# Given data
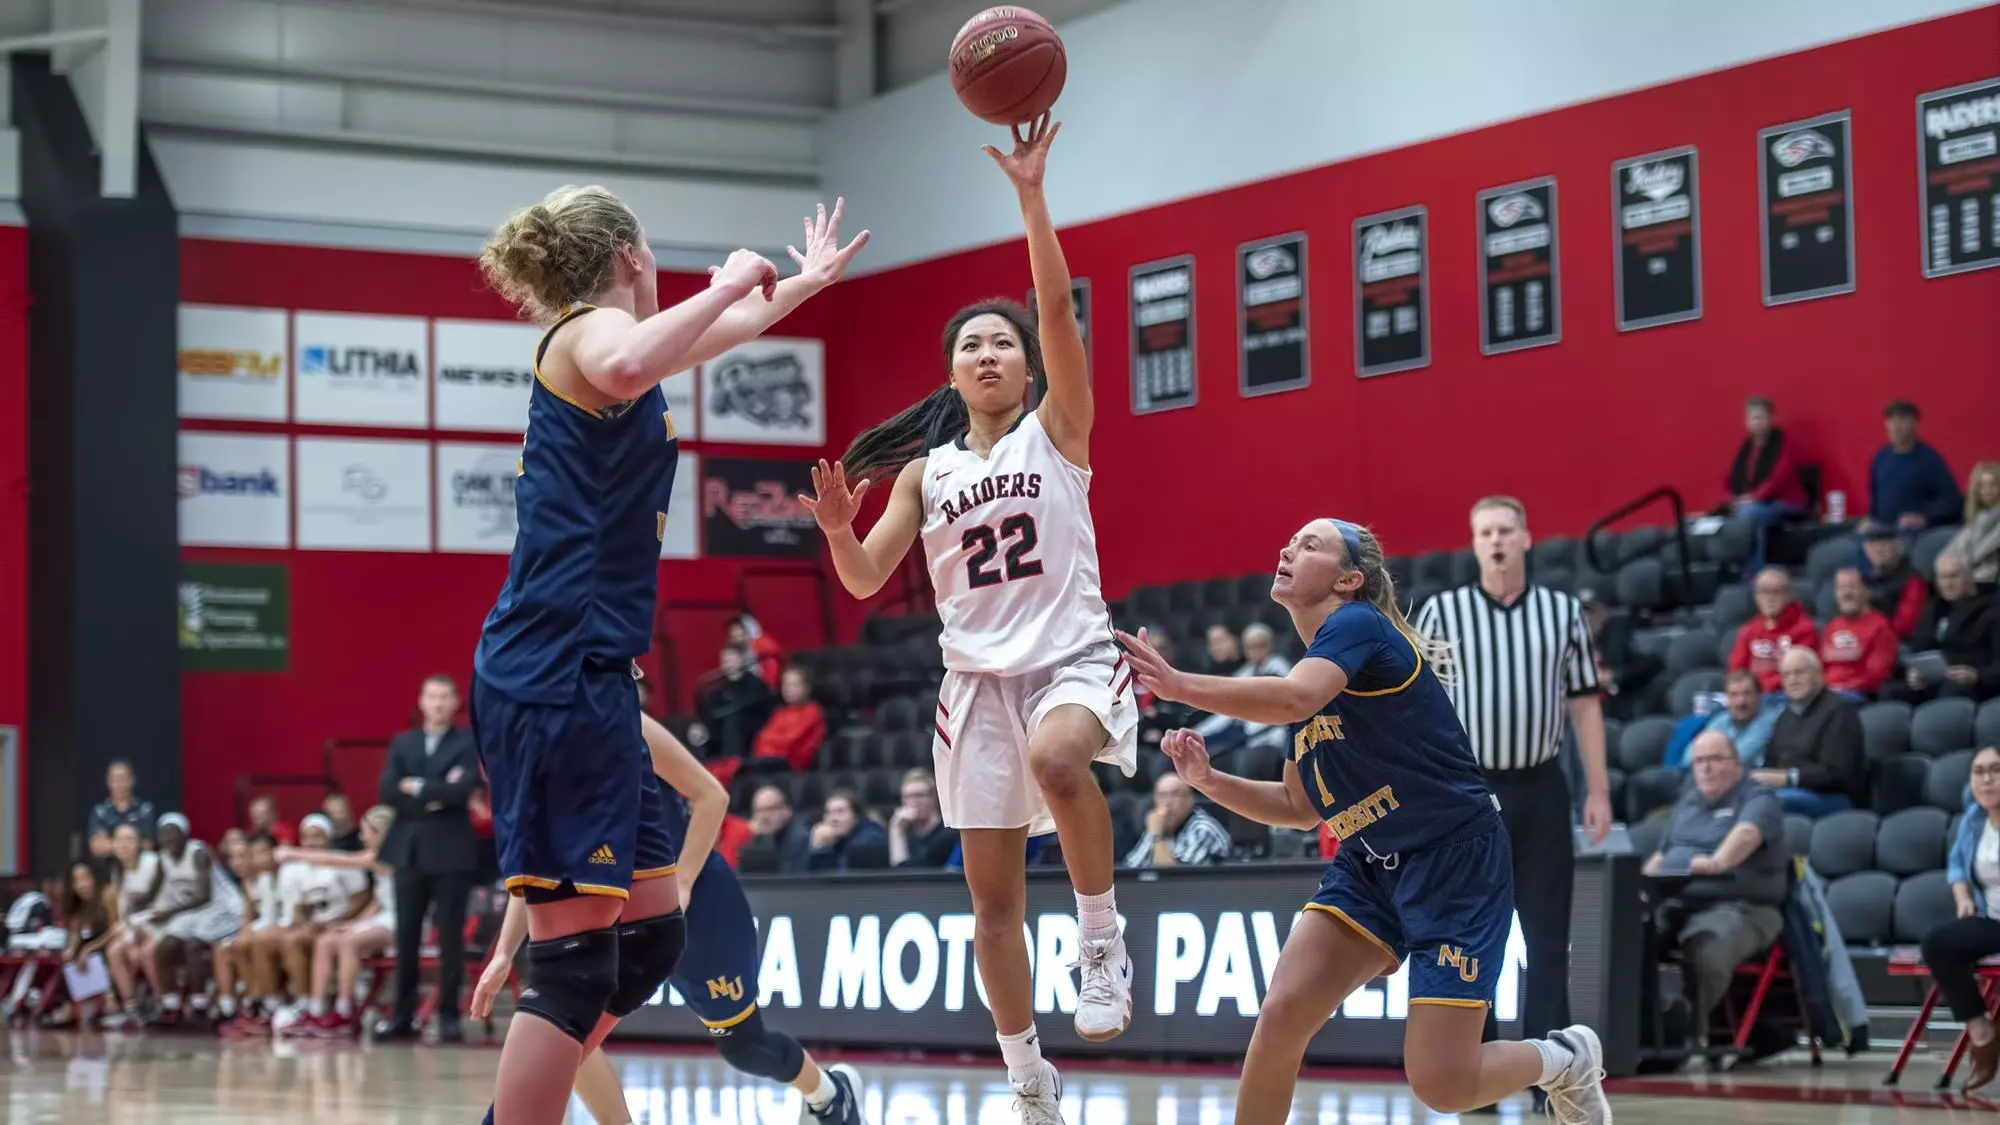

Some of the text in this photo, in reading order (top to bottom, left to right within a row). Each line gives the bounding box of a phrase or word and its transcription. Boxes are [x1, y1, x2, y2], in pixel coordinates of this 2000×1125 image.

[328, 346, 419, 379] LITHIA
[940, 472, 1042, 525] RAIDERS
[961, 512, 1044, 590] 22
[588, 856, 617, 865] adidas
[1437, 944, 1479, 982] NU
[706, 975, 745, 1001] NU

# Activity
When you reach a picture, pass over it; write out all other material exactly.

# Response to this exercise
Some of the text in this photo, in reading order (top to bottom, left to right within a row). Each line gives the bounding box of a phrase or word and its transcription. Boxes are [x1, y1, x2, y2], in pixel coordinates of this 2000×1125 image.

[328, 346, 419, 379] LITHIA
[940, 472, 1042, 525] RAIDERS
[961, 512, 1044, 590] 22
[588, 856, 617, 865] adidas
[1437, 944, 1479, 982] NU
[706, 975, 745, 1001] NU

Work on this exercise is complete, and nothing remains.